I came across the following problem in category theory I'm working on:
Problem: Let $\mathbb{S}_3$ by the symmetric group of order $3$. Then:
a) Describe Hom$_{Groups}(\mathbb{S}_3, \mathbb{S}_3)$.
b) Assume that the category $Groups$ is pre-additive. Conclude that Hom$_{Groups}(\mathbb{S}_3, \mathbb{S}_3)$ must be a domain (i.e. $ab = 0$ implies $a = 0$ or $b = 0$), although not necessarily commutative.
c) Wedderburn's little theorem states that every finite domain is a field. Apply this to b) and conclude that $Groups$ is not pre-additive.
Attempt: For a), I found out that Hom$_{Groups}(\mathbb{S}_3, \mathbb{S}_3)$ contains $10$ arrows. There are $6$ automorphisms, the unique morphism sending every element to the identity, and then the $3$ projections onto the $3$ subgroups of order $2$.

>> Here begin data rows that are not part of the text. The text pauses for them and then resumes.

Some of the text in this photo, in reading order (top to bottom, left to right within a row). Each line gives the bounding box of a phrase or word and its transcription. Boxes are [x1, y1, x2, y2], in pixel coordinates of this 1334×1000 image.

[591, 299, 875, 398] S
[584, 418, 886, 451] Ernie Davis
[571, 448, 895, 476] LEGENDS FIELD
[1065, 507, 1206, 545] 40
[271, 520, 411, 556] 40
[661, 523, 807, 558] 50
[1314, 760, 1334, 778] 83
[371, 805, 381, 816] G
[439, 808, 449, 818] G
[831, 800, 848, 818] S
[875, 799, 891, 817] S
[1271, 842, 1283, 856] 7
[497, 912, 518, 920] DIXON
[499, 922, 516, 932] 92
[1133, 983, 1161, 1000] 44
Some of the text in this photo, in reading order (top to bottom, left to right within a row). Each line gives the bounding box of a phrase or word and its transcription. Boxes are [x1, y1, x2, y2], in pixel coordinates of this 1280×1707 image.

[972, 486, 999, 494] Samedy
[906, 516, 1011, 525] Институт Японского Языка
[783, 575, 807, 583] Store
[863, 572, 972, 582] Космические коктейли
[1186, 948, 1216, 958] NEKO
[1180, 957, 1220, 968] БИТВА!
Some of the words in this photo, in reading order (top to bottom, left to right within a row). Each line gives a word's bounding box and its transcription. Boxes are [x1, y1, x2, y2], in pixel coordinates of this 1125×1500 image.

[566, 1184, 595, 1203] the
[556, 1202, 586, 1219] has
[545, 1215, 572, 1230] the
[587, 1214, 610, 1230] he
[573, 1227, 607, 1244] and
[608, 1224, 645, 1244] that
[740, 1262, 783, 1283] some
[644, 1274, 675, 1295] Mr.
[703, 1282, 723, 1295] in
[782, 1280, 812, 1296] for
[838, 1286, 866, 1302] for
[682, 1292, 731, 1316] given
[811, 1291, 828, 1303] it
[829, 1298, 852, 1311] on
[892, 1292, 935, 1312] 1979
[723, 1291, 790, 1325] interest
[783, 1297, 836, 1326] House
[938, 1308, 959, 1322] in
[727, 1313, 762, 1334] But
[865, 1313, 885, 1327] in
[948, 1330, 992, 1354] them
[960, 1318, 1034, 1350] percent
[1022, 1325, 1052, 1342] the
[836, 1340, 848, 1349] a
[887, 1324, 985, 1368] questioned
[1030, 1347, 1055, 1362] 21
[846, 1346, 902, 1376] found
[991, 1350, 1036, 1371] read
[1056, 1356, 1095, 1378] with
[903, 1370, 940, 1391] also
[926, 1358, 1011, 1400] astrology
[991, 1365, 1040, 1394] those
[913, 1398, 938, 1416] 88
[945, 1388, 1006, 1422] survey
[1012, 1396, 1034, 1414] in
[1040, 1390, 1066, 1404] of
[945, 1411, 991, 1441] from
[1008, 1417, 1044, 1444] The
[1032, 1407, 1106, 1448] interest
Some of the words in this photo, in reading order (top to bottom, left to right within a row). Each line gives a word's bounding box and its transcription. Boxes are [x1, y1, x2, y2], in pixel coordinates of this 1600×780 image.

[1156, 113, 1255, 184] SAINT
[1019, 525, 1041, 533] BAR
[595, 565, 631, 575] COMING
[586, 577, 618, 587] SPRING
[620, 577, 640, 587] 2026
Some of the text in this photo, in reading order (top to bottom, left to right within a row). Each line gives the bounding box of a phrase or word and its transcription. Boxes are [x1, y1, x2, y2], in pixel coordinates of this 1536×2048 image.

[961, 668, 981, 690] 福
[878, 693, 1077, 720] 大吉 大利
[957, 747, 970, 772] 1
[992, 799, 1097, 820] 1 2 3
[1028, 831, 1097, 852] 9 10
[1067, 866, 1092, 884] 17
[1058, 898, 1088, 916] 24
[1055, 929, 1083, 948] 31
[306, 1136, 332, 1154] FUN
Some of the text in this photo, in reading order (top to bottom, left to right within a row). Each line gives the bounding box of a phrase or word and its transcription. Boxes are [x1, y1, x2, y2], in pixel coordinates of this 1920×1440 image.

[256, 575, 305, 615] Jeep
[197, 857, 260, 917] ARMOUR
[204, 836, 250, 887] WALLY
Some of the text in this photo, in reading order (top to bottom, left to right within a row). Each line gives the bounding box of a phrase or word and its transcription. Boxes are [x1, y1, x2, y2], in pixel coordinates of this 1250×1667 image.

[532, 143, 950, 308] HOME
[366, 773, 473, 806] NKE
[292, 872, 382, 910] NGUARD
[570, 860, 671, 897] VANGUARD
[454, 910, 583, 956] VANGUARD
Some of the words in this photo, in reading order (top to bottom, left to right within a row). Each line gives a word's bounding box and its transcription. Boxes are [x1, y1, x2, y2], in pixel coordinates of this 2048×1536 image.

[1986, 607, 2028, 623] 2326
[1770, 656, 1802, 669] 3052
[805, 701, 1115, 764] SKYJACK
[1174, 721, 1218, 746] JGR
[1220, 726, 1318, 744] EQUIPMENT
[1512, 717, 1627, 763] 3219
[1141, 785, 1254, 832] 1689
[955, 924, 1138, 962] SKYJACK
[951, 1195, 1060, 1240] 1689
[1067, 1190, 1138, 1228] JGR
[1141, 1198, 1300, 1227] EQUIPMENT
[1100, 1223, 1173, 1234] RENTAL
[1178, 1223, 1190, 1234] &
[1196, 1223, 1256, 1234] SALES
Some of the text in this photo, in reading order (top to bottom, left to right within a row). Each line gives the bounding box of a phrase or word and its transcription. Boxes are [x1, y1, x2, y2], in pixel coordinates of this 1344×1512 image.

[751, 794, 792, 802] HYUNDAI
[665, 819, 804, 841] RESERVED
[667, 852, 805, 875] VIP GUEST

However, what I do not understand is, why not the projection onto the alternating subgroup of order $3$? And how can we see that the above projections are morphisms?
b) For this part, I'm assuming the operation is $\circ$ for which we have to prove the statement, since if $Groups$ is assumed pre-additive, then every $Hom(A,B)$ is an abelian group with respect to $+$.
But I'm not sure how to show that it is a domain. Say $f, g \in Hom_{Groups}(\mathbb{S}_3, \mathbb{S}_3) $ and let $$ f \circ g = 0. $$ I'm confused here. Is this $0$ the morphism which sends every element in $\mathbb{S}_3$ to the identity? If $f$ is an automorphism, then we can compose with $f^{-1}$ and show that $g = 0$. But how to prove the statement for the other cases?
Help/clarification is appreciated.
I do not know exactly what you mean by "projection" here. But bear in mind that the kernel of a homomorphism is a normal subgroup and $S_3$ has no normal subgroups of order two.
You only need to prove this in the case that $f$ and $g$ are nontrivial homomorphisms with nontrivial kernel. Then they are of the form $f(\sigma) = \tau_f^{\mathrm{sgn}(\sigma)}$ for some fixed transposition $\tau_f$, so you should be able to show that $f \circ g = f$.